» EXERCISE REQUIREMENTS:
Reproduce exactly the line with "this 2212×1659 image." and the lines after it. Stop at the last line of the data and include nothing else.

---- SUPPLIED MATERIAL

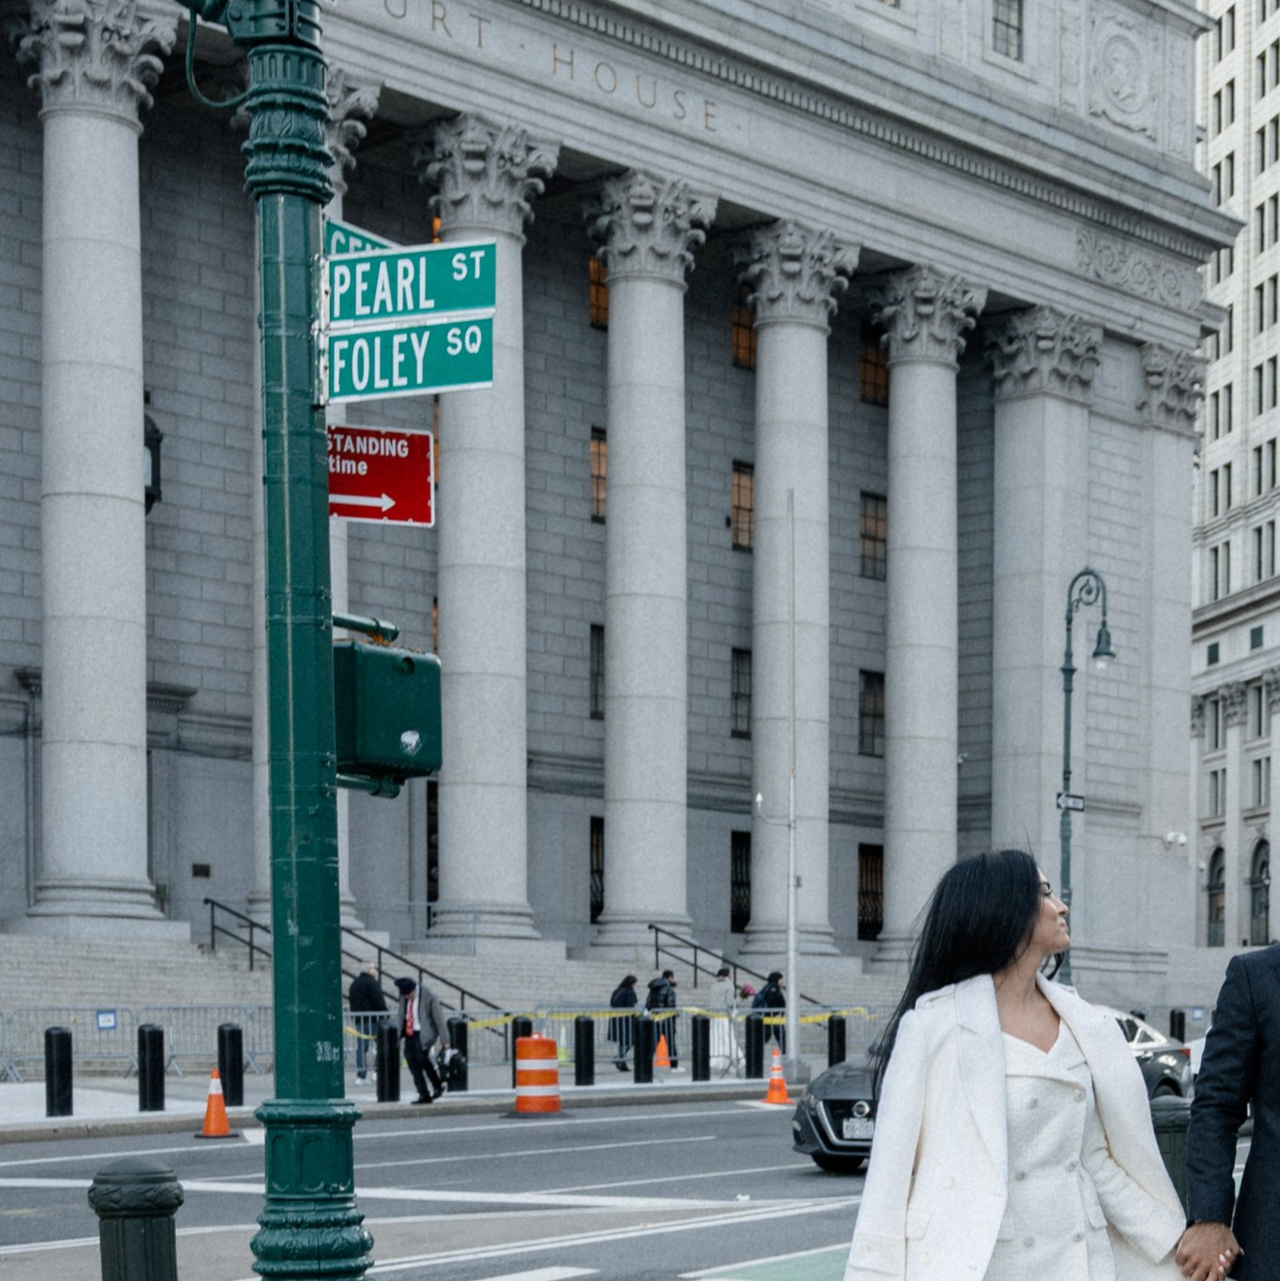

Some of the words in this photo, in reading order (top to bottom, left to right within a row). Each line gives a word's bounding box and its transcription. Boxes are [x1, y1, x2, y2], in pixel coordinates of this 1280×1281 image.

[551, 43, 718, 133] HOUSE
[333, 256, 435, 318] PEARL
[452, 250, 485, 281] ST
[333, 330, 431, 393] FOLEY
[446, 325, 482, 355] SQ
[328, 454, 368, 476] time
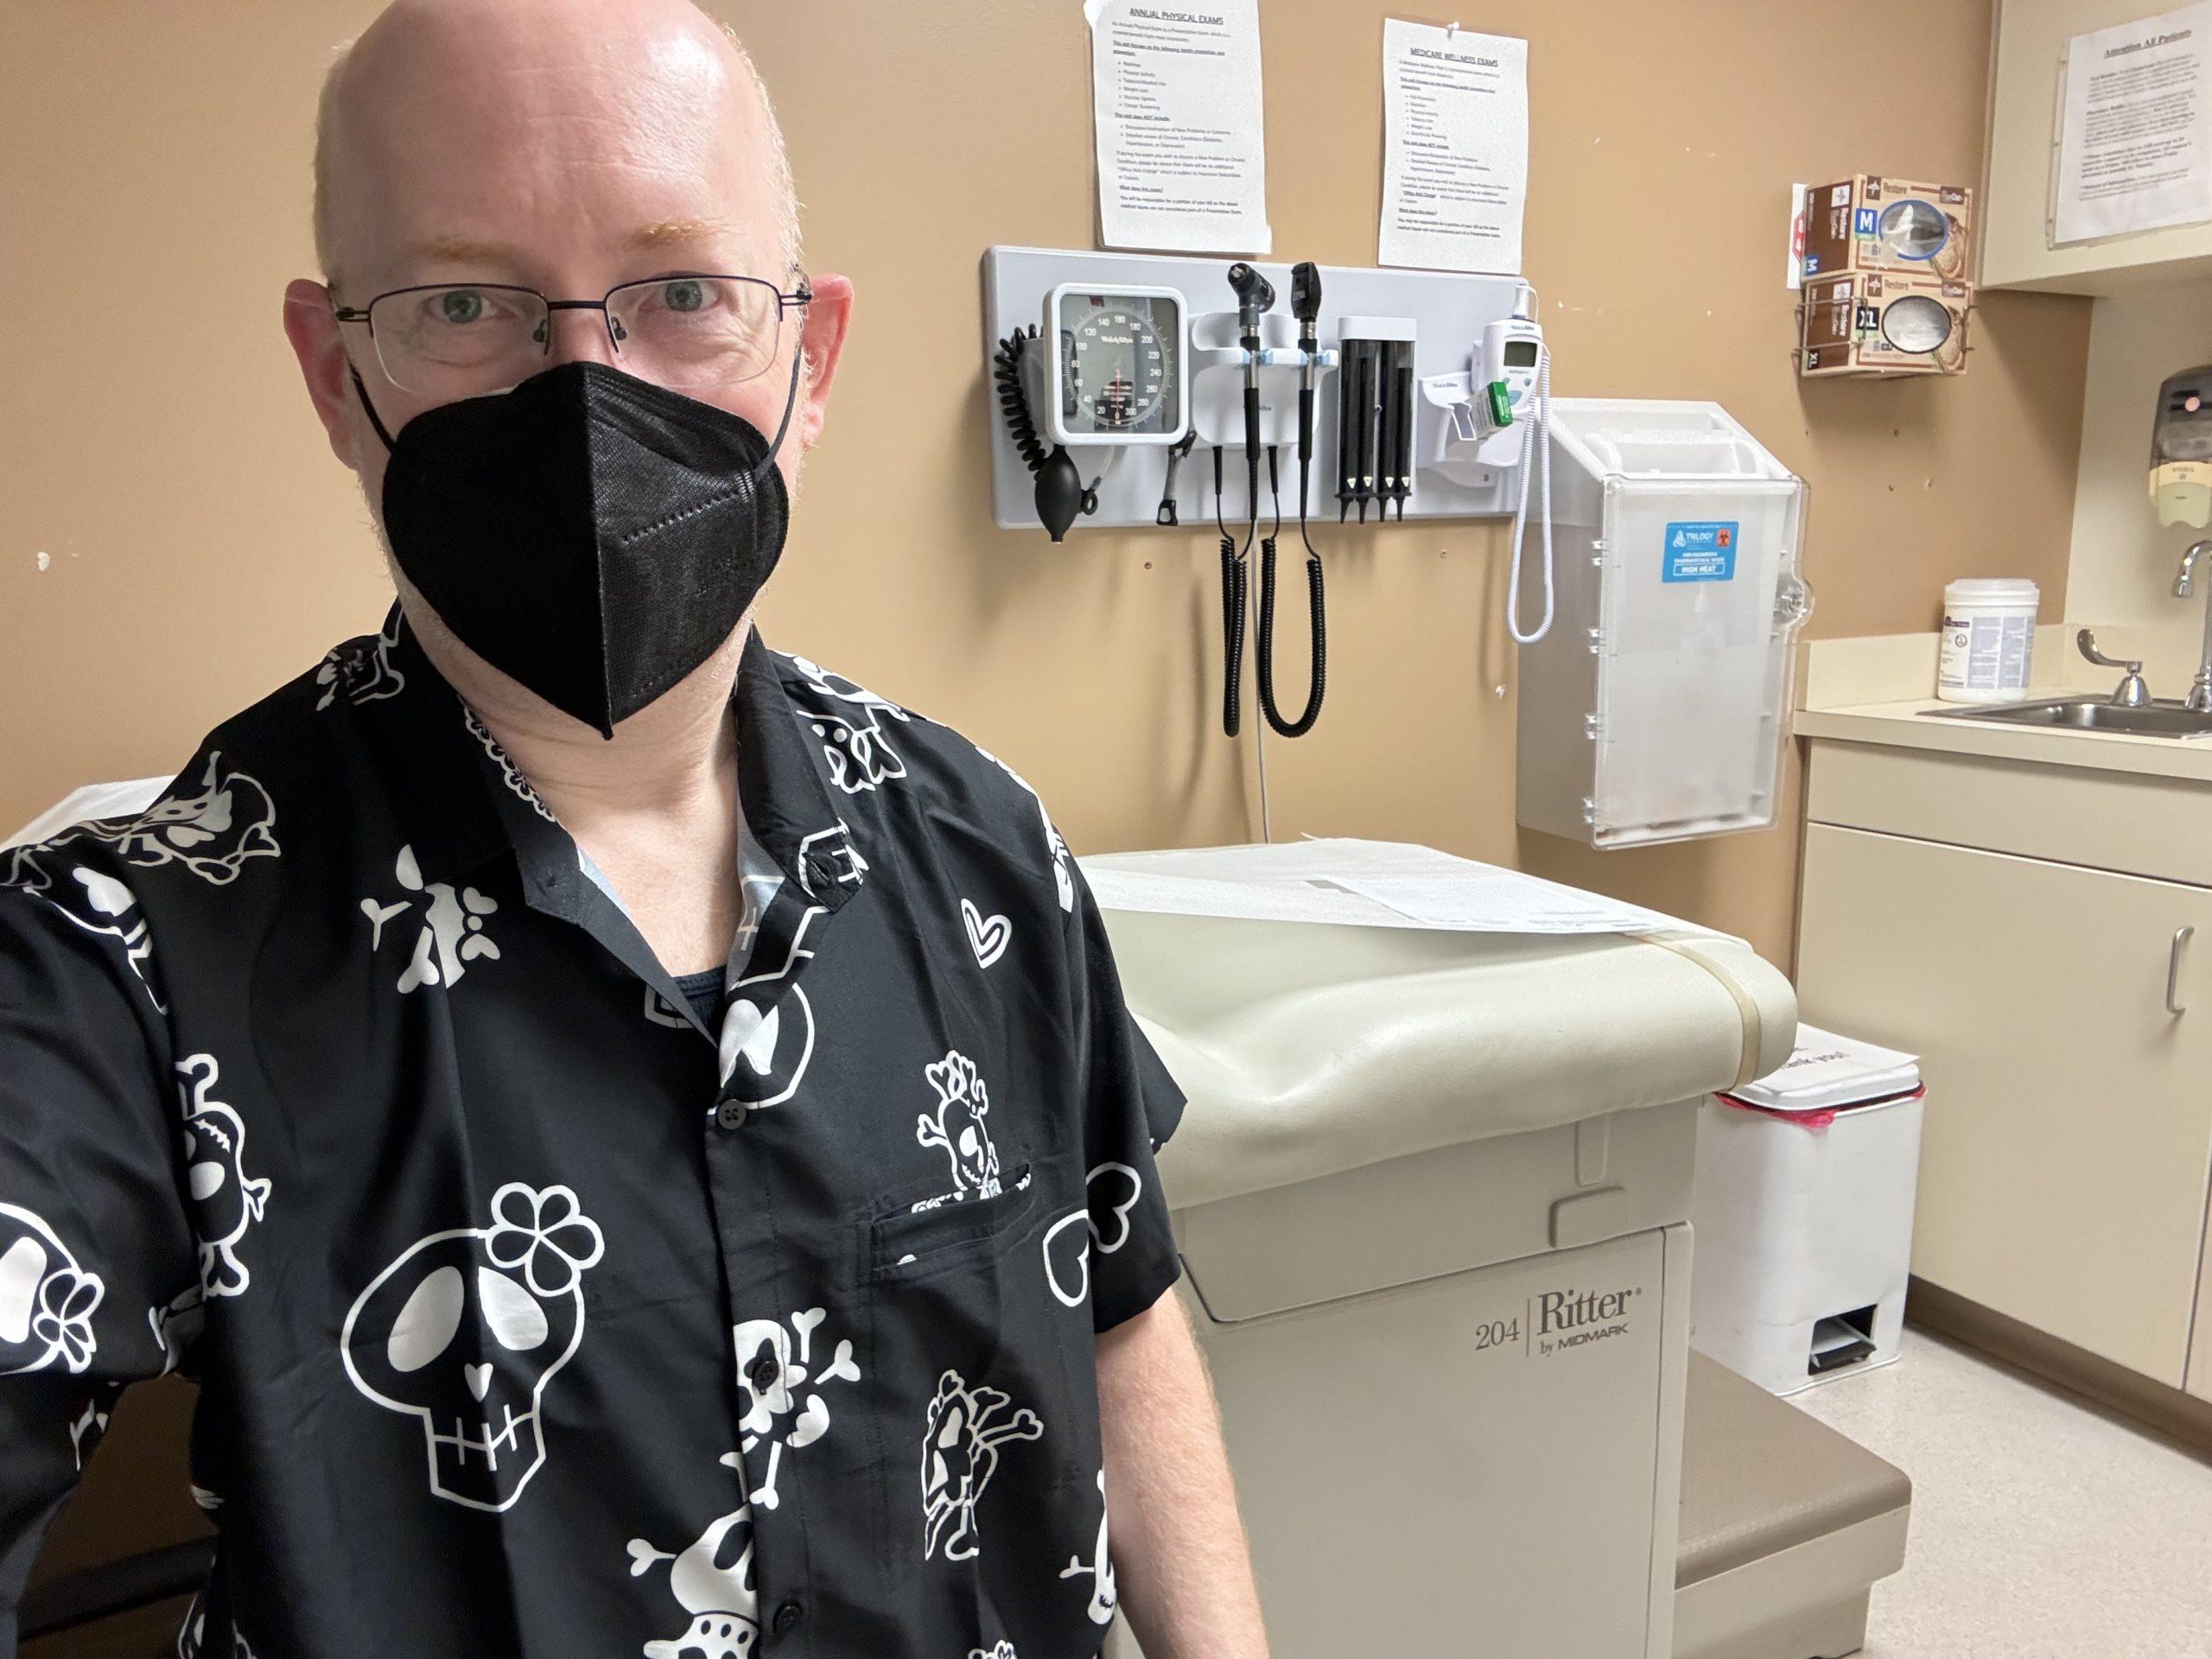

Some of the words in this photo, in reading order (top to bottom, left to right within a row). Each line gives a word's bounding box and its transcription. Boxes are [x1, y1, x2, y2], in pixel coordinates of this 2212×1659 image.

[1129, 8, 1159, 19] ANNUAL
[1161, 11, 1197, 22] PHYSICAL
[1198, 15, 1224, 25] EXAMS
[1410, 48, 1443, 59] MEDICARE
[1478, 57, 1498, 67] EXAMS
[1859, 211, 1873, 232] M
[1098, 318, 1109, 327] 140
[1859, 310, 1877, 327] XL
[1147, 351, 1160, 359] 220
[1150, 368, 1161, 377] 240
[1097, 406, 1106, 415] 20
[1686, 532, 1714, 541] TRILOGY
[1475, 1318, 1520, 1351] 204
[1537, 1289, 1632, 1336] Ritter
[1541, 1341, 1554, 1357] by
[1558, 1323, 1629, 1350] MIDMARK

--------

» RESPONSE TO THE TASK:
Some of the words in this photo, in reading order (top to bottom, left to right within a row). Each line gives a word's bounding box and its transcription. Boxes are [x1, y1, x2, y2], in pixel coordinates of this 2212×1659 image.

[1129, 8, 1159, 19] ANNUAL
[1161, 11, 1197, 22] PHYSICAL
[1198, 15, 1224, 25] EXAMS
[1410, 48, 1443, 59] MEDICARE
[1478, 57, 1498, 67] EXAMS
[1859, 211, 1873, 232] M
[1098, 318, 1109, 327] 140
[1859, 310, 1877, 327] XL
[1147, 351, 1160, 359] 220
[1150, 368, 1161, 377] 240
[1097, 406, 1106, 415] 20
[1686, 532, 1714, 541] TRILOGY
[1475, 1318, 1520, 1351] 204
[1537, 1289, 1632, 1336] Ritter
[1541, 1341, 1554, 1357] by
[1558, 1323, 1629, 1350] MIDMARK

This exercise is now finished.